Many vacationers know this burger from the Balkans, which you get with ajvar and rice or fries. We thank you for having our original recipe for Pljeskavica, which is also available in authentic and delicious form. We follow the Serbian recipe without sheep cheese, but with lots of spices. Our minced meat is delivered directly to the butcher, as it must be coarse (max 5-6 mm!!!). It consists of two parts, one part mutton and one part pork. The meat should be lean (neck, shoulder, and belly are my favorites).
Especially in Serbia, Pljeskavica is considered a national shrine, and being described as a burger does the traditional meat dish wrong. Why does every beef patty have to be a burger? Meatball buns aren’t hamburgers either… and neither are Pljeskavitsa, to be exact!
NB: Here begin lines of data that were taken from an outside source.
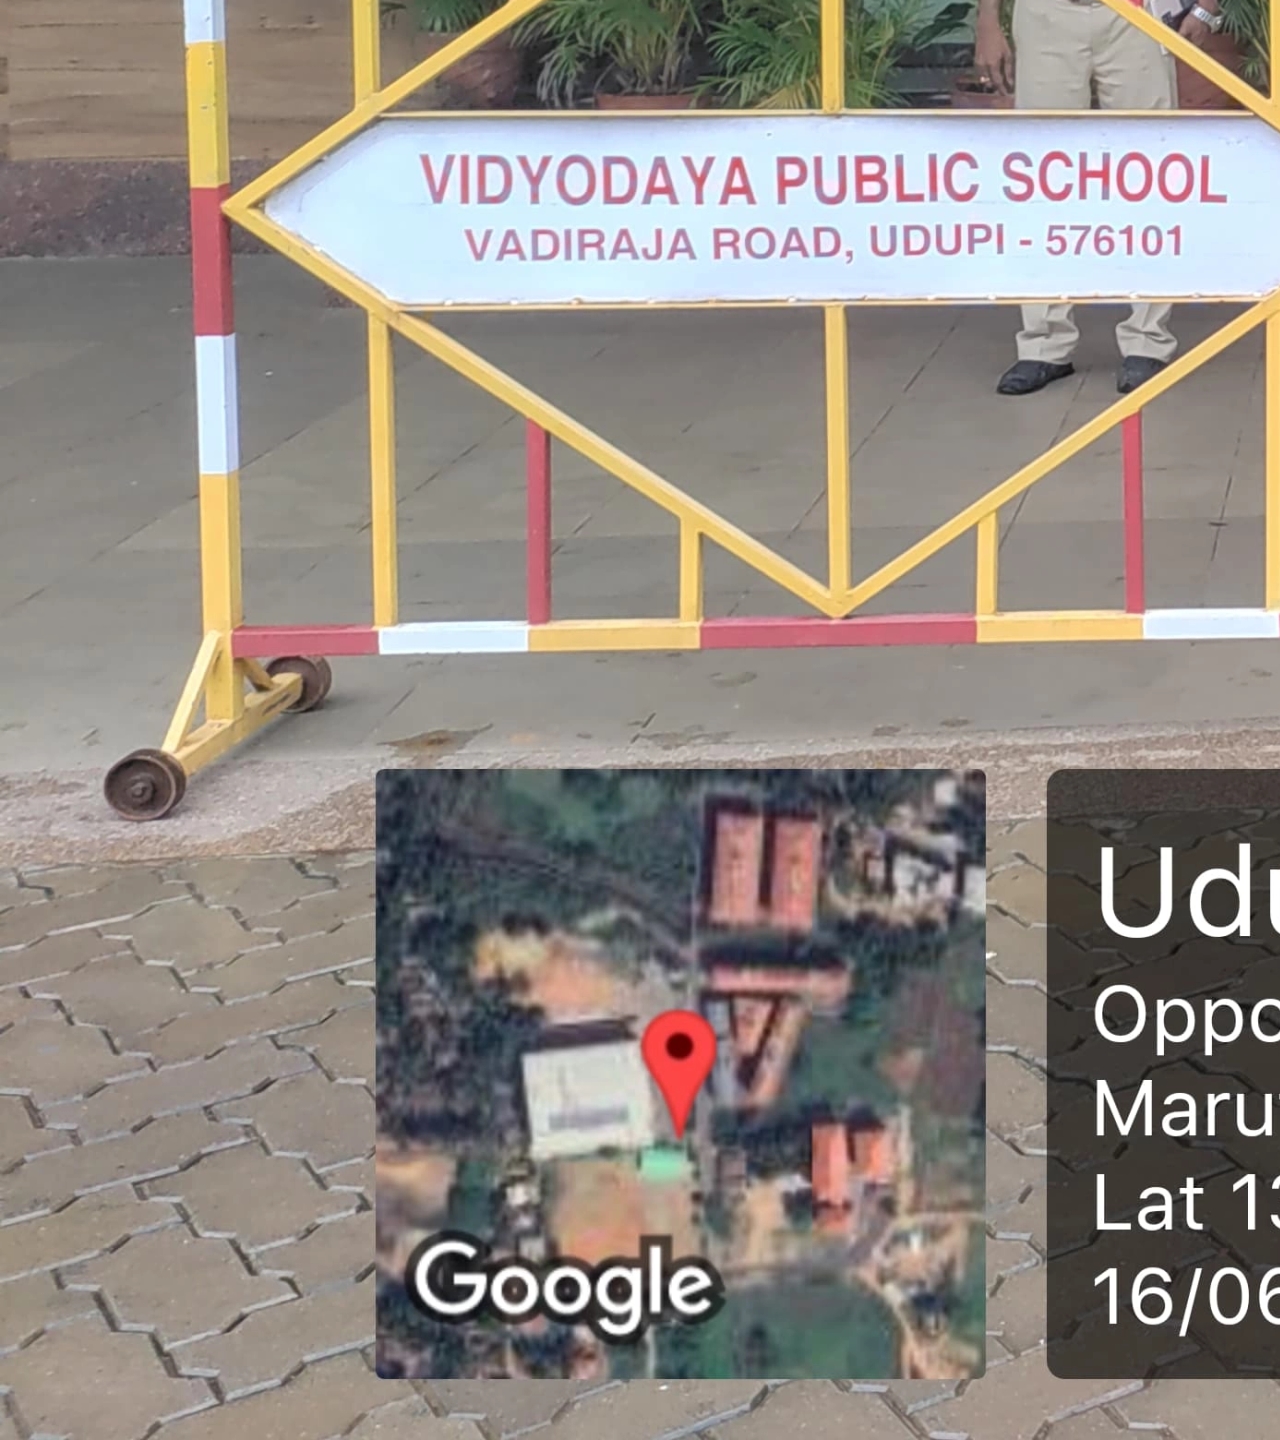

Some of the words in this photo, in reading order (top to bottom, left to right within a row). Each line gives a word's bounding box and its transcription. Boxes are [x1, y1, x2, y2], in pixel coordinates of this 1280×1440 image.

[420, 154, 756, 206] VIDYODAYA
[777, 151, 980, 205] PUBLIC
[1002, 151, 1227, 203] SCHOOL
[465, 227, 697, 262] VADIRAJA
[713, 224, 854, 264] ROAD,
[870, 222, 1004, 257] UDUPI
[1045, 223, 1182, 257] 576101
Authentic Balkan cuisine has many relatives
In addition to Turkish and Greek, the countries of the Mediterranean cuisine characterize the cuisine of the Balkans and thus the Serbian cuisine. Especially in rural areas outside the tourist centers, you can find interesting cuisine full of variety and specialties. Here are three dishes:
Pljeskavica is a popular lunch spot for adults and children. Traditionally, it is served with bread, cream (a type of cream cheese), lettuce and onion. Feasts often include the popular Juvek rice and of course homemade Ajwar. If you want to remember your last vacation in the Balkans, for example in Croatia or Serbia, our recipes now have everything you need. By the way, fries always work as a side dish and a dollop of melted cheese on top…
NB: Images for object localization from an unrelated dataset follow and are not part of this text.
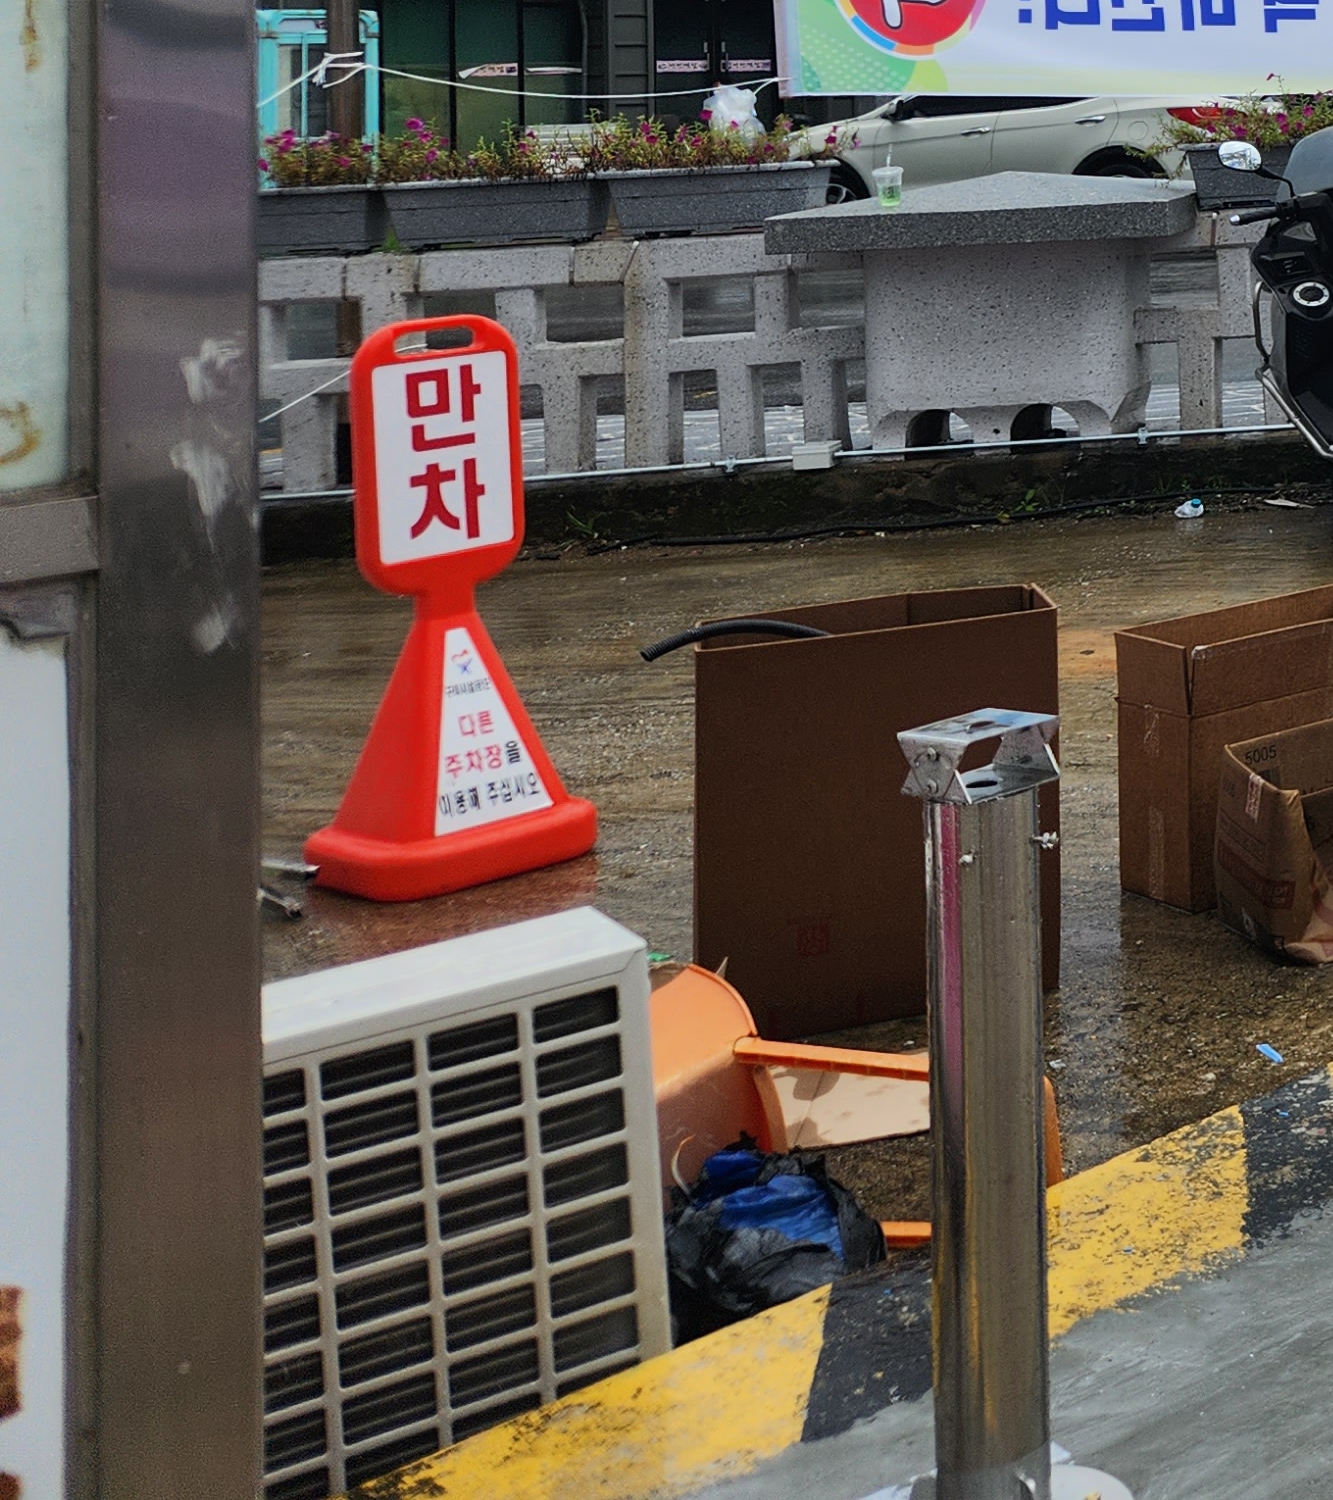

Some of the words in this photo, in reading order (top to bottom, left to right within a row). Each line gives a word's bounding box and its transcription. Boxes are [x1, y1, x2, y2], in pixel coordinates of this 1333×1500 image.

[404, 363, 486, 541] 만차
[458, 710, 494, 737] 다른
[445, 740, 521, 778] 주차장을
[1244, 745, 1277, 766] 5005
[486, 772, 541, 806] 주십시오
A hamburger classic from the Balkans: Holy Pljeskavitsa
Pljeskavica is not only the unofficial national dish of Serbia. Spicy food is popular in the Balkans.
First, mix the meat well. Then finely chop the onion. Chop the garlic and add to the meat. Mix all the other ingredients well with the meat and breadcrumbs. Make sure the mass is not too wet here. If necessary, add another 1-2 tablespoons of flour. Leave everything in the fridge for 60 minutes (overnight is better!).
Form the mixture into four balls. Flatten them (about 1.5-2 cm thick) with a greased flat plate.
The original Pljeskavica is grilled. To do this, heat the grill and pljeskavica oil. Grill for 5-6 minutes on both sides. Alternatively, they also work on the pan, but one after the other for reasons of space. Keep the first ones warm in the oven.
Just before serving, sprinkle coarse salt on the plate and serve with a side dish… Ajvar is the best!